I believe the true solution to this problem began over 200-years ago with the start of the industrial revolution, but employers have not yet really taken full advantage of this to hit their diversification goals. Using machines to replace human (or in cases, animal) labour has revolutionised productivity. If we expand this to include new tools, new methods, processes, we’ve created numerous new ways in the past two centuries to do work smarter and more efficiently, relying less on human effort and more on equipment.

If we double down on this strategy, we can open more roles to more of the population. If a role can avoid a person lifting a 30-pound load multiple times an hour, because now they have a tool that can transport this load, then we no longer need worry about the person not being able to do this. If a maintenance task can be redesigned to use a tool to separate two components that frequently get stuck together rather than using human force, then more people can do the role. Work smarter, not harder. And the best thing is that very frequently these improvements often result in a productivity improvement too.

Now, with industry 4.0 complementing the shift into industry 5.0– being the state of using modern smart technologies, M2M communication, internet of things (IIot), industrial cyber-physical systems (I-CPS) and the merging of these technologies into the collaboration between human and machine– we are furnished with large possibilities and opportunities to work well. Gathering data from the real-world and transmitting it to the virtual world for decision-making. These technologies track and measure activity, injury and physical demand risks and provide objective data for control implementation or intervention/workplace redesign to decrease loads and thus open roles to a wider population – safely.

Referring to my observation stated earlier and how, as the work gets more physically demanding, the rate of females in the role decreases; by using technology you can measure risk for an individual person, a complete job role or even a particular task, it doesn’t have bias.

When it comes to individual abilities, historically, standards have looked at the weight of the object being handled. “This weight is suitable for 75% of males is something I never want to hear again. Coming across this time and time again was the initial motivator to put our heads together and design an algorithm that relies on a neural network trained on the actual effort required by the person to make the movement. We had hundreds of people (more women than men) make several movements moving objects, while wearing our sensor.

Our Medical Doctor & Physiotherapist on the team, Dr. Anastasia Vasina, labelled each movement as either high or low intensity.

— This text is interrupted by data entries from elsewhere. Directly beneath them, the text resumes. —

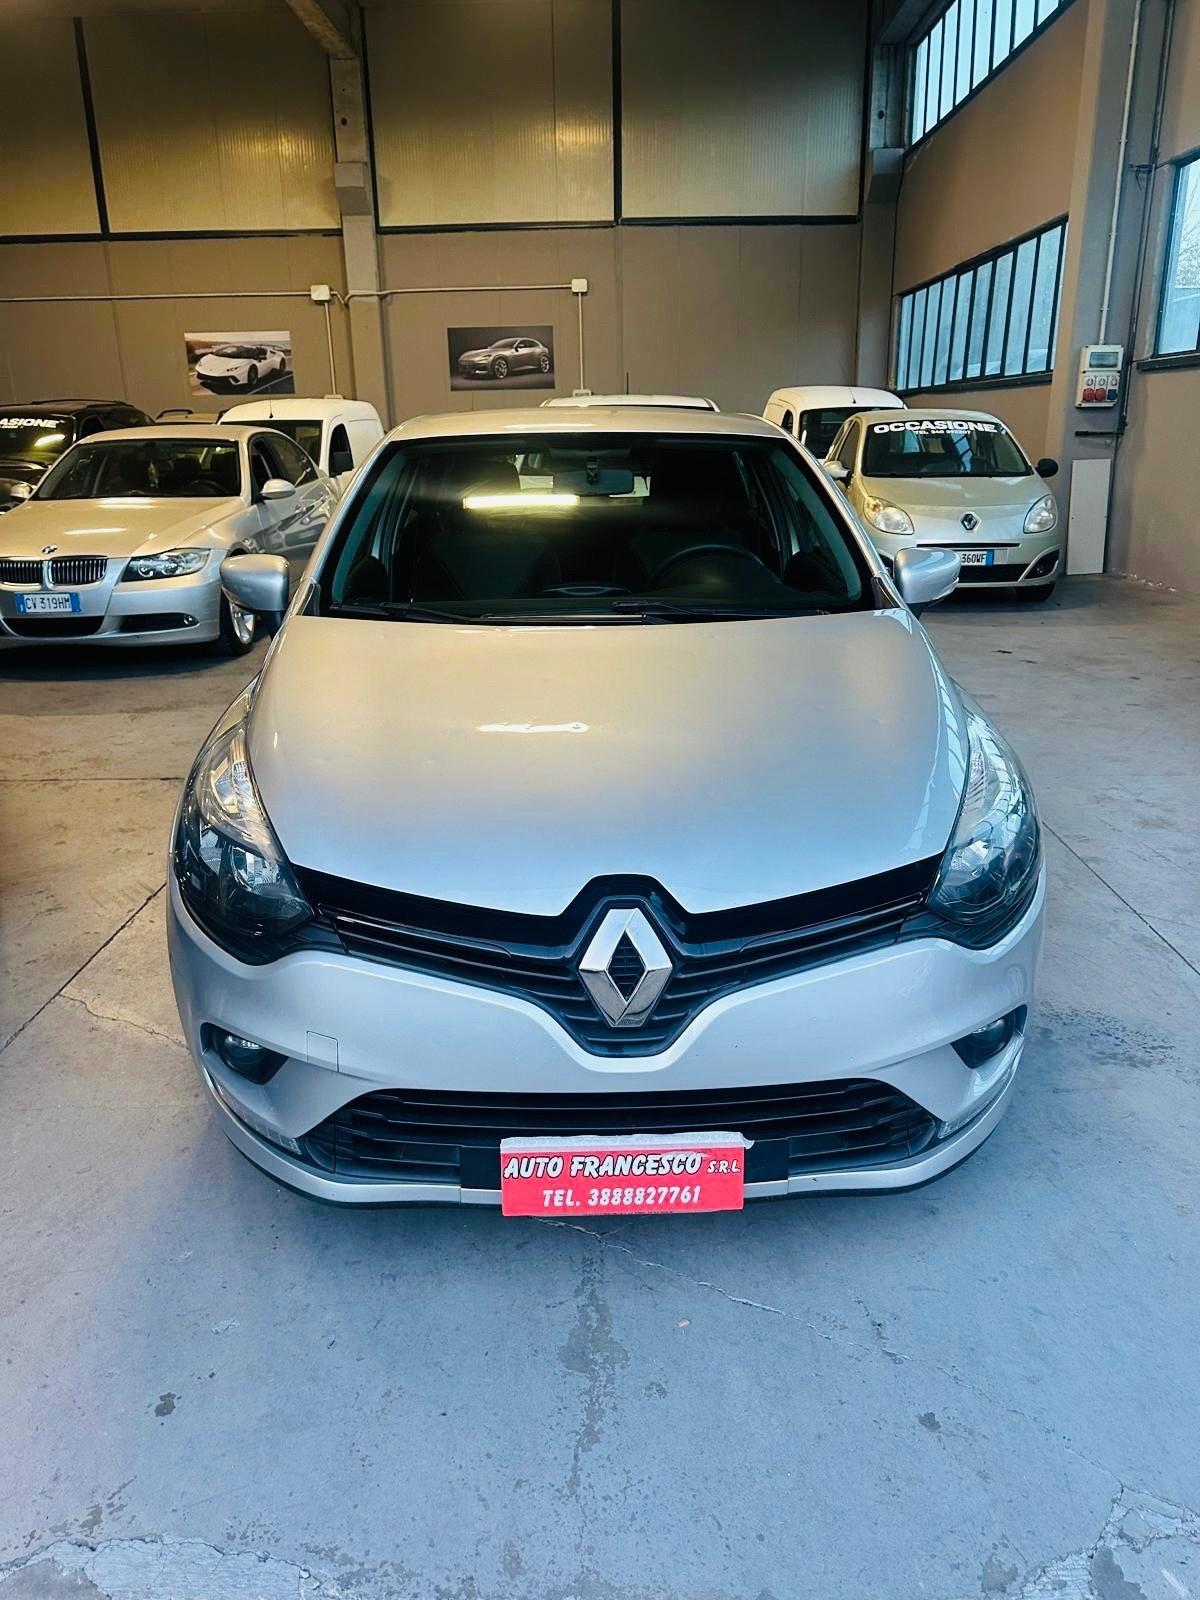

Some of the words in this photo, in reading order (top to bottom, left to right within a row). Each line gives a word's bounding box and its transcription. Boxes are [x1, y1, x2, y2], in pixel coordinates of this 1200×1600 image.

[873, 421, 998, 434] OCCASIONE
[504, 1156, 563, 1179] AUTO
[570, 1153, 702, 1179] FRANCESCO
[707, 1160, 741, 1174] S.R.L.
[543, 1189, 580, 1208] TEL.
[588, 1186, 701, 1207] 3888827761

Capturing more than 10,000 movements, the data science team extrapolated these labelled movements to create a neural network that can now predict the intensity of a movement for an individual person wearing a sensor. This algorithm does not care about the weight of the object, it does not care if you are male, female, it doesn’t care about anything other than measuring how intense the movement was for the person.

When it comes to measuring a particular task, AI vision processing technologies can provide detailed analysis reports while multiple sensors can provide overview of risks for departments or roles or lines with all data captured being associated back to job roles & tasks within an online dashboard. This allows safety teams to analyse the data to work out what work is causing risk and where, on a macro and micro level. Controls can then begin to be implemented. Organisations can be truly focussed on reducing ergonomic risk and physical requirements, opening roles to more of the population and ensuring they will be a success in the role –safely.

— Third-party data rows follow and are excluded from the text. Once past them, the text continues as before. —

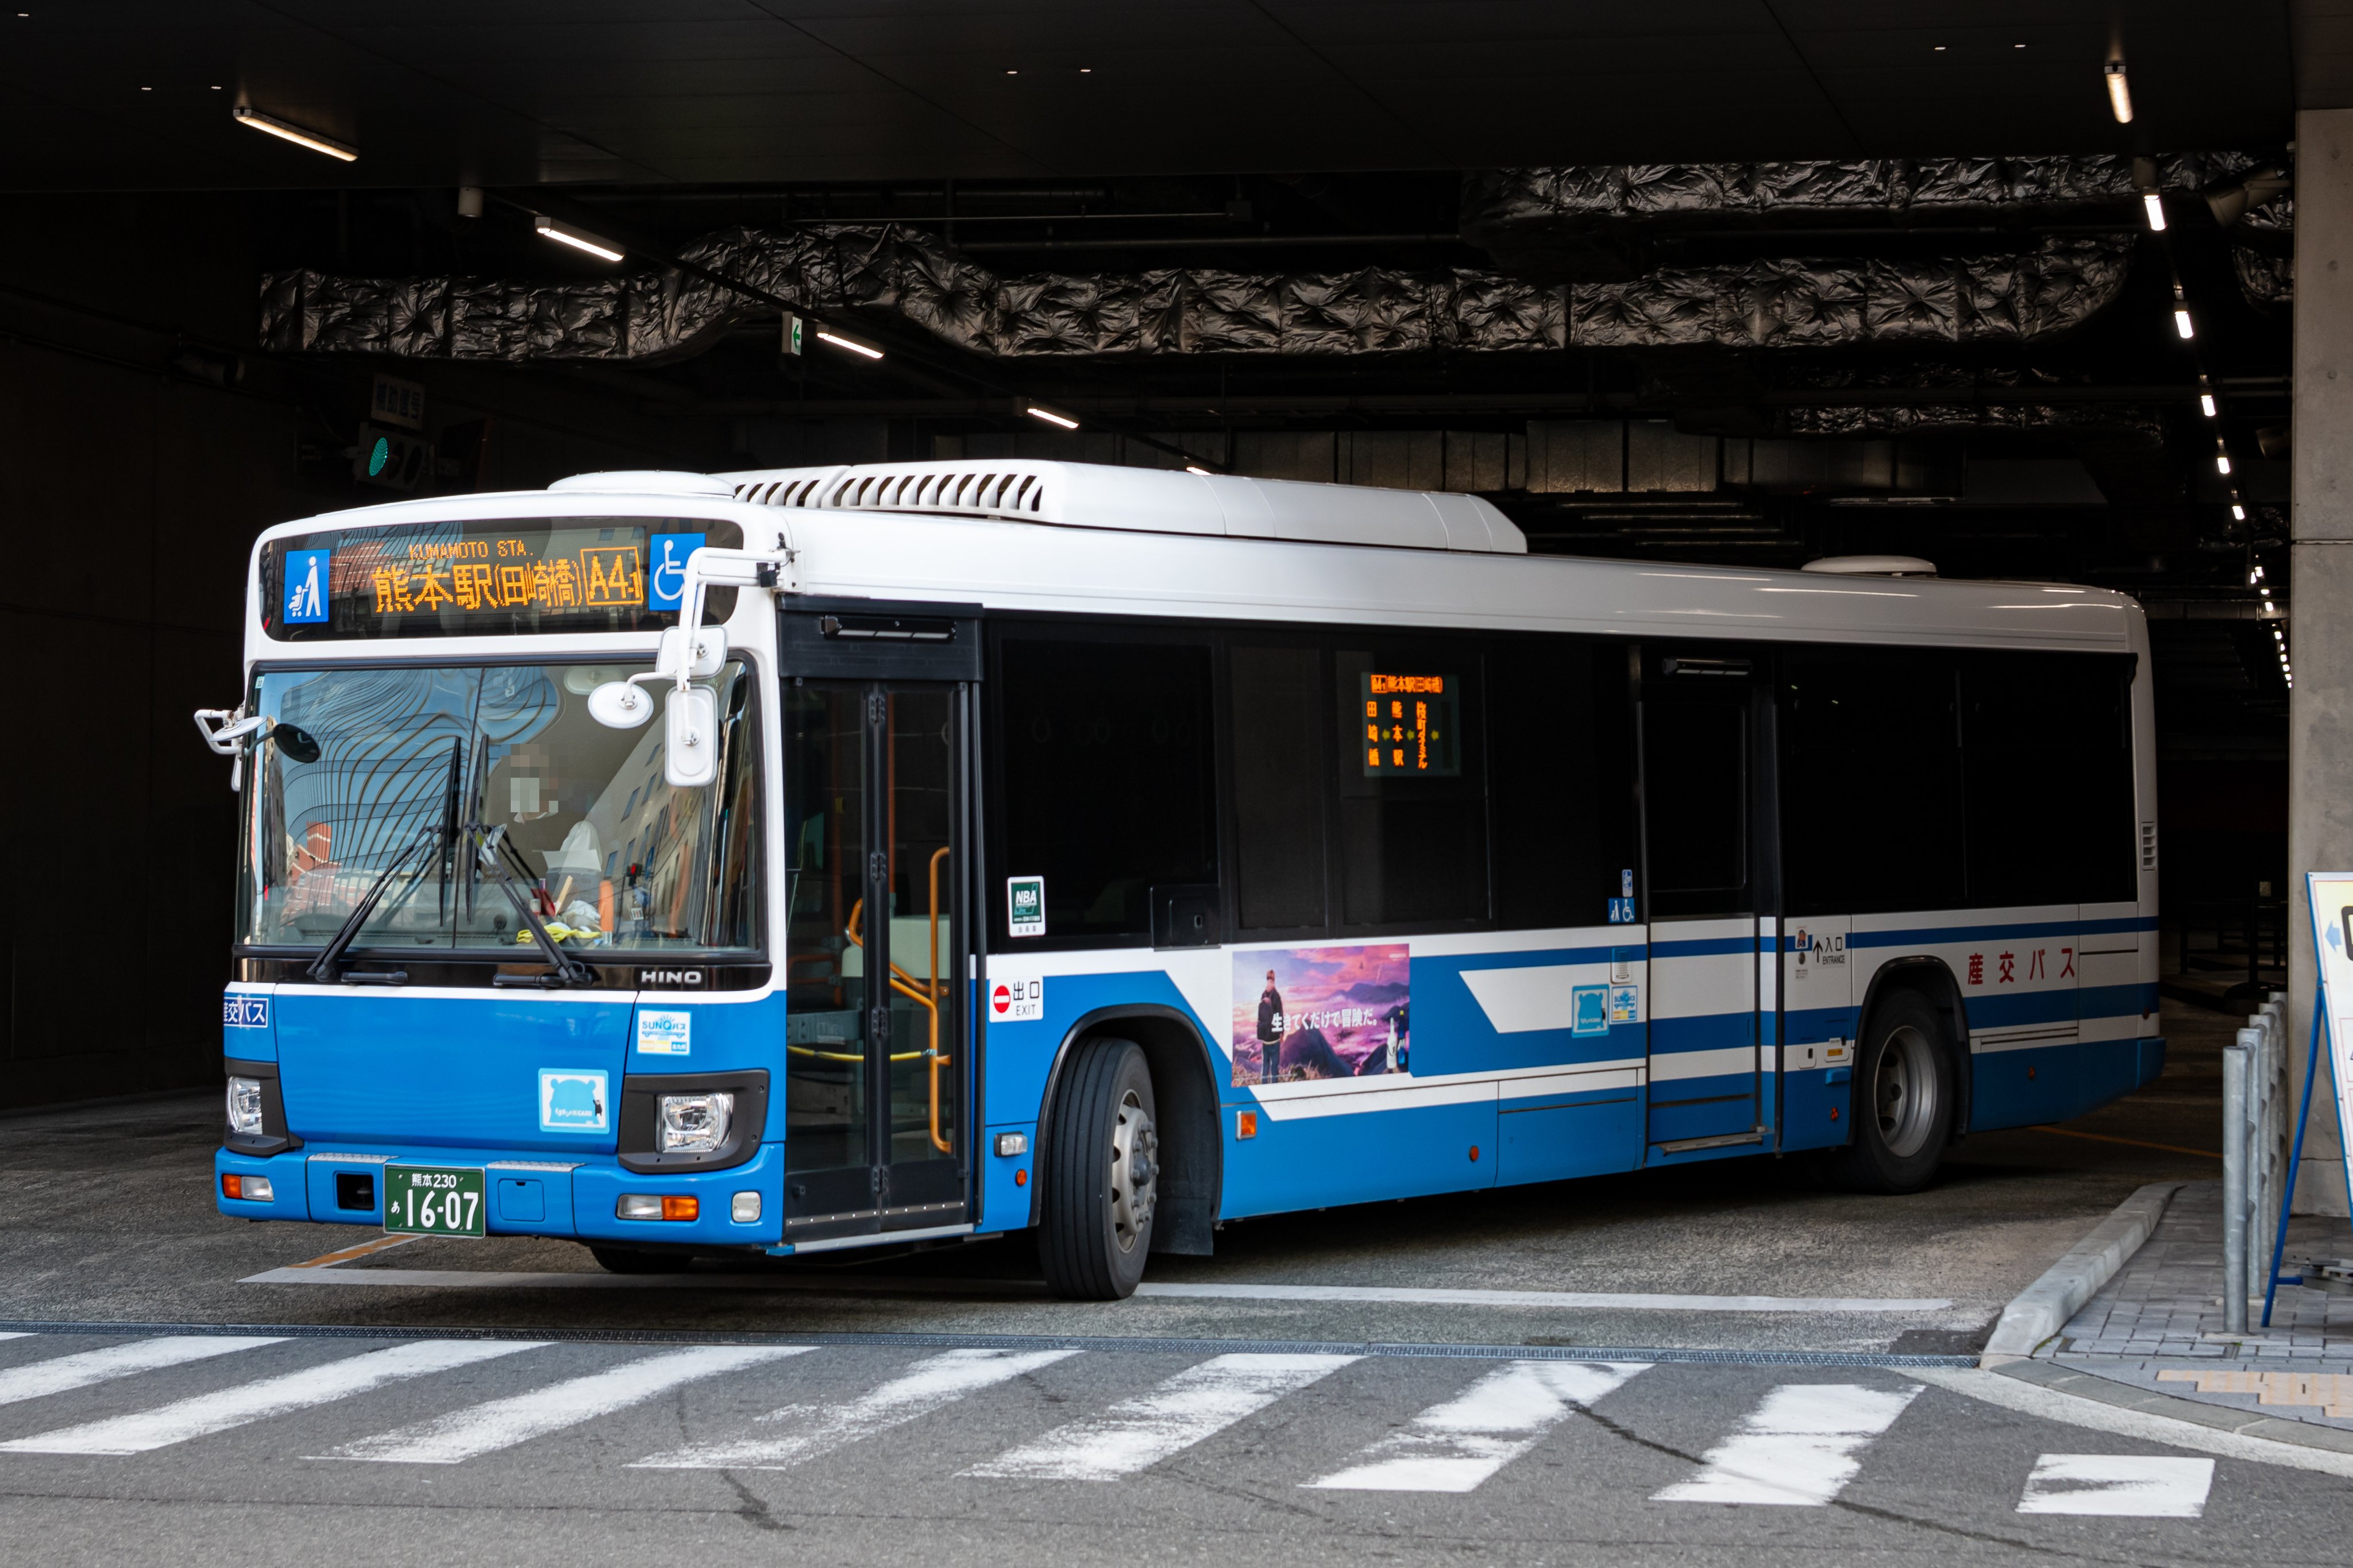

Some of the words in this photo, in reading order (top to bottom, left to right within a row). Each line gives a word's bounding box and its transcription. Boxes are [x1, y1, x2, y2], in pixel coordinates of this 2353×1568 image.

[410, 541, 488, 560] KUMAMOTO
[498, 540, 534, 558] STA.
[371, 559, 581, 613] 熊本駅(田崎橋)
[1016, 890, 1037, 904] NBA
[1825, 936, 1842, 952] 入口
[1822, 955, 1845, 965] ENTRANCE
[1968, 948, 2075, 984] 産交バス
[642, 971, 701, 984] HINO
[1013, 981, 1039, 1001] 出口
[1016, 1004, 1036, 1016] EXIT
[1271, 1008, 1377, 1032] 生きてくだけで冒険だ。
[412, 1173, 457, 1188] 熊本230
[391, 1200, 400, 1214] あ
[407, 1189, 479, 1231] 16-07

I believe organisations who are still at the infancy stage of their gender diversity journey are focussed on hitting hiring quotas rather than drawing attention to the jobs & tasks at hand. AI-driven technologies can now assist in making sure a wider range of people can genuinely do the role by highlighting the factors and physical requirements that prevent people from being successful. Work smarter, not harder, know the task requirements, know the physical demands of the role and redesign where required to give more people an opportunity to work for you in all areas.